Oczywiście, a ja nie pretenduję do wielkiego znawcy tematu. Mickiewicz nigdy by nie napisał "Ukraino, Ojczyzno moja", bo za ojczyznę uważał Litwę, tyle że Mickiewicz to de facto Biały Rusin :-)
|
|
|
Marcin Gugulski @u2 / Owszem, trzeba. Precyzyjniejsze byłoby oczywiście sformułowanie "na terenie Polski, Litwy i Rusi, czyli - z grubsza rzecz biorąc - dzisiejszej Ukrainy", ale - jak Pan być może zauważył - ten tekst to naprędce napisany felieton, a nie rozprawa naukowa. |
|
|
Ptr Wygląda to tak jakby Rosja zaoferowała miłośc Anglii, a ta ją odrzuciła w formie sławnego incydentu. Po tym obrażona Rosja dołozyła starań by wyżyć się na Szwecji i politycznie na Polsce. Następnie wysłac do Anglii sygnał - zapomnijmy o incydencie.
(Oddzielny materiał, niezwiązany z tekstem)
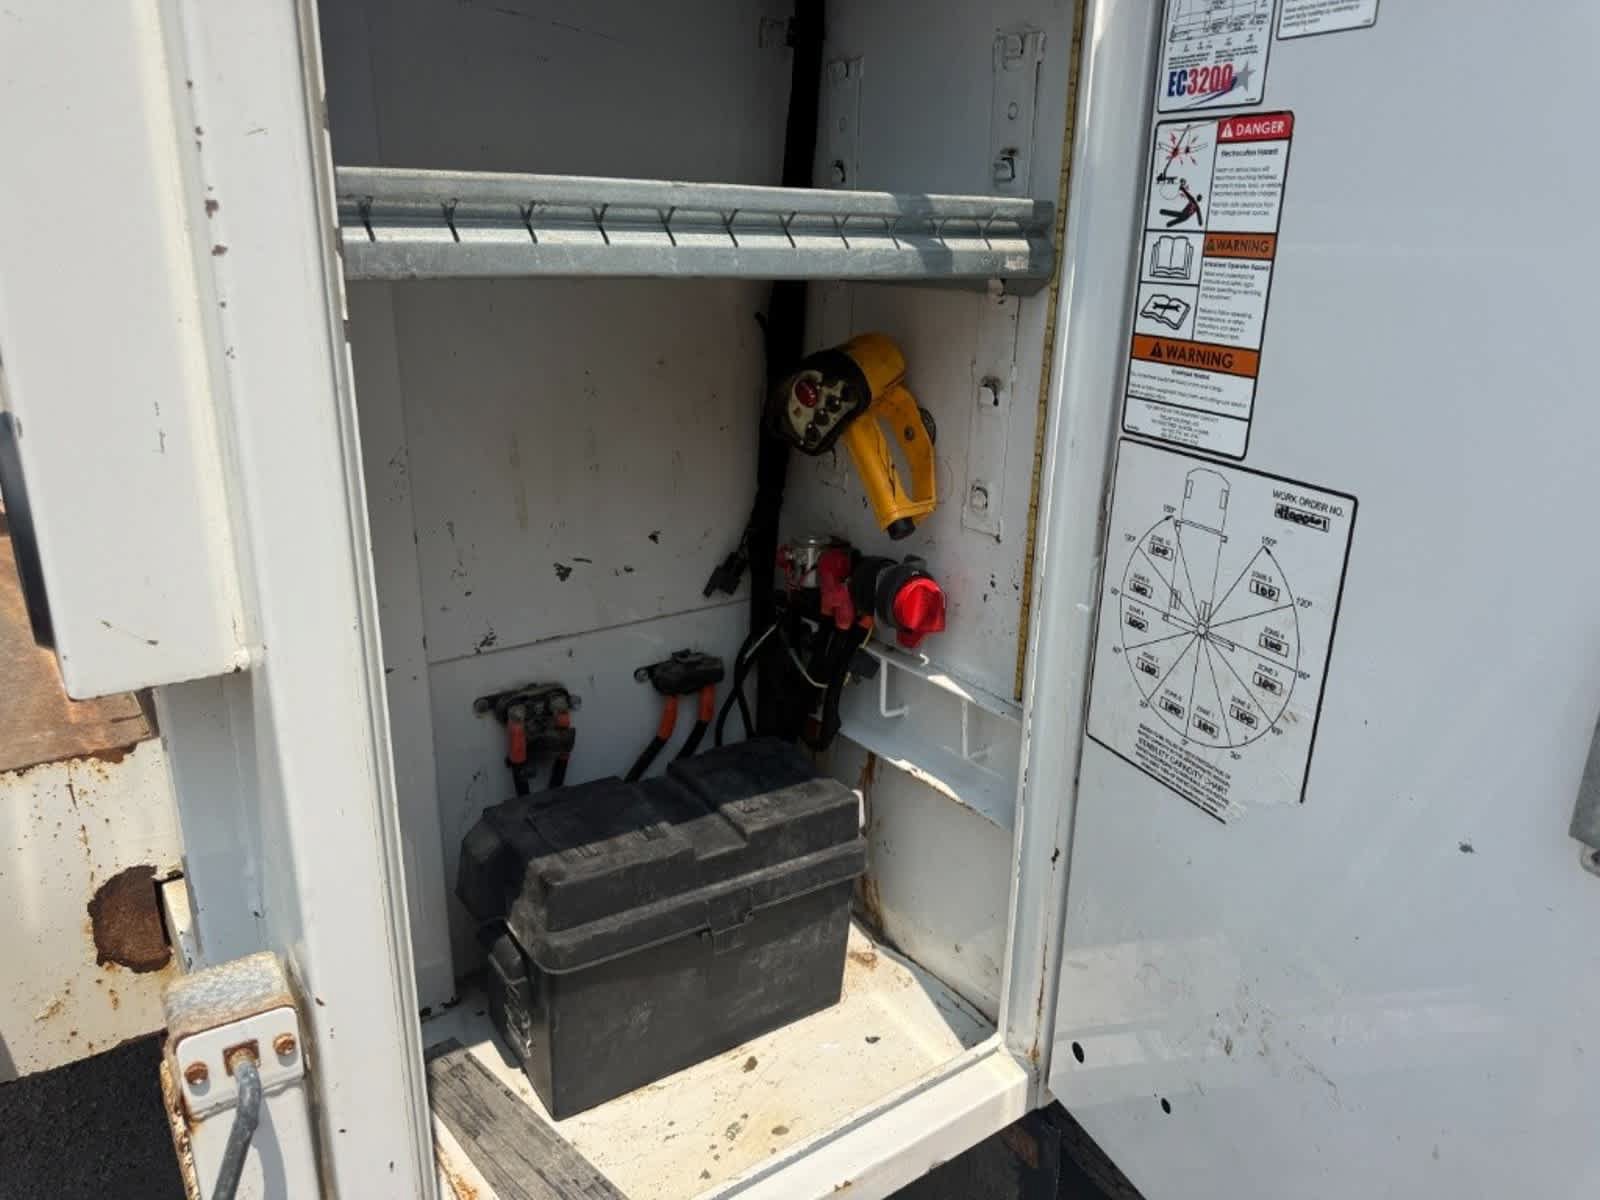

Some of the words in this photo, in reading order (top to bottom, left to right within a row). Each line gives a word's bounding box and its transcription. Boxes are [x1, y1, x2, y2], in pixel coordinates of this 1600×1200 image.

[1168, 64, 1233, 97] EC3200
[1235, 121, 1285, 136] DANGER
[1216, 239, 1269, 253] WARNING
[1166, 344, 1234, 369] WARNING
[1273, 489, 1298, 504] WORK
[1299, 496, 1328, 512] ORDER
[1328, 505, 1344, 518] NO.
[1256, 583, 1276, 598] 100
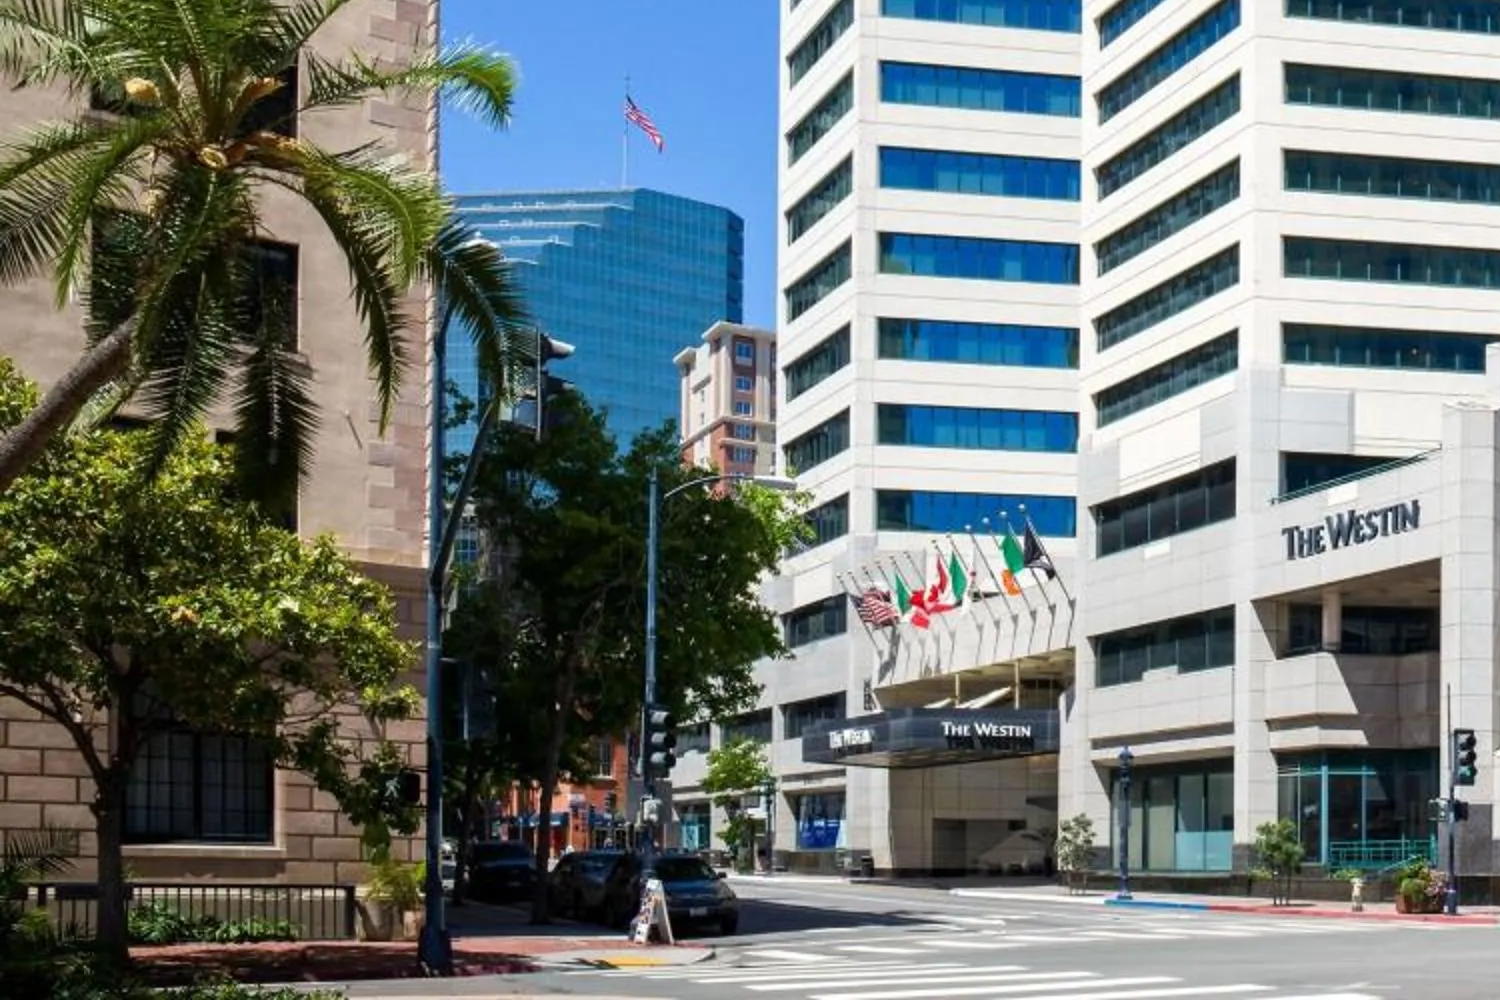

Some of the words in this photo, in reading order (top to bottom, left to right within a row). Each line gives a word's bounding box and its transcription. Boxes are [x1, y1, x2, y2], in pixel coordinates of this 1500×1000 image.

[1282, 526, 1326, 560] THE
[1325, 499, 1420, 549] WESTIN
[941, 721, 971, 737] THE
[974, 721, 1032, 737] WESTIN
Tak naprawdę chodziło o umiejętność rzucenia do boju na kulturalny i bogaty zachód mas niepiśmiennych chłopów przeszkolonych ze strzelania i przebranych w śmieszne mundurki żolnierzyków - zabawek w ręku Cara.
Chodzi też o to , że zwycięstwo na polu walki wśród kultur prymitywnych bywa utożsamiane ze zwycięstwem moralnym, co już w następnych wiekach zostanie boleśnie zweryfikowane.
Zwycięstwo stanie się przekleństwem , co będzie widoczne po długich latach. Bo rzadko zwycięstwo jest prawdziwym zwycięstwem moralnym. |
|
|
RinoCeronte Poza tym Matwiejew napisał świetny podręcznik do równań różniczkowych. Do dzisiaj mam go na półce. |
|
|
u2 na terenie Polski, Litwy i Rusi, czyli dzisiejszej Ukrainy)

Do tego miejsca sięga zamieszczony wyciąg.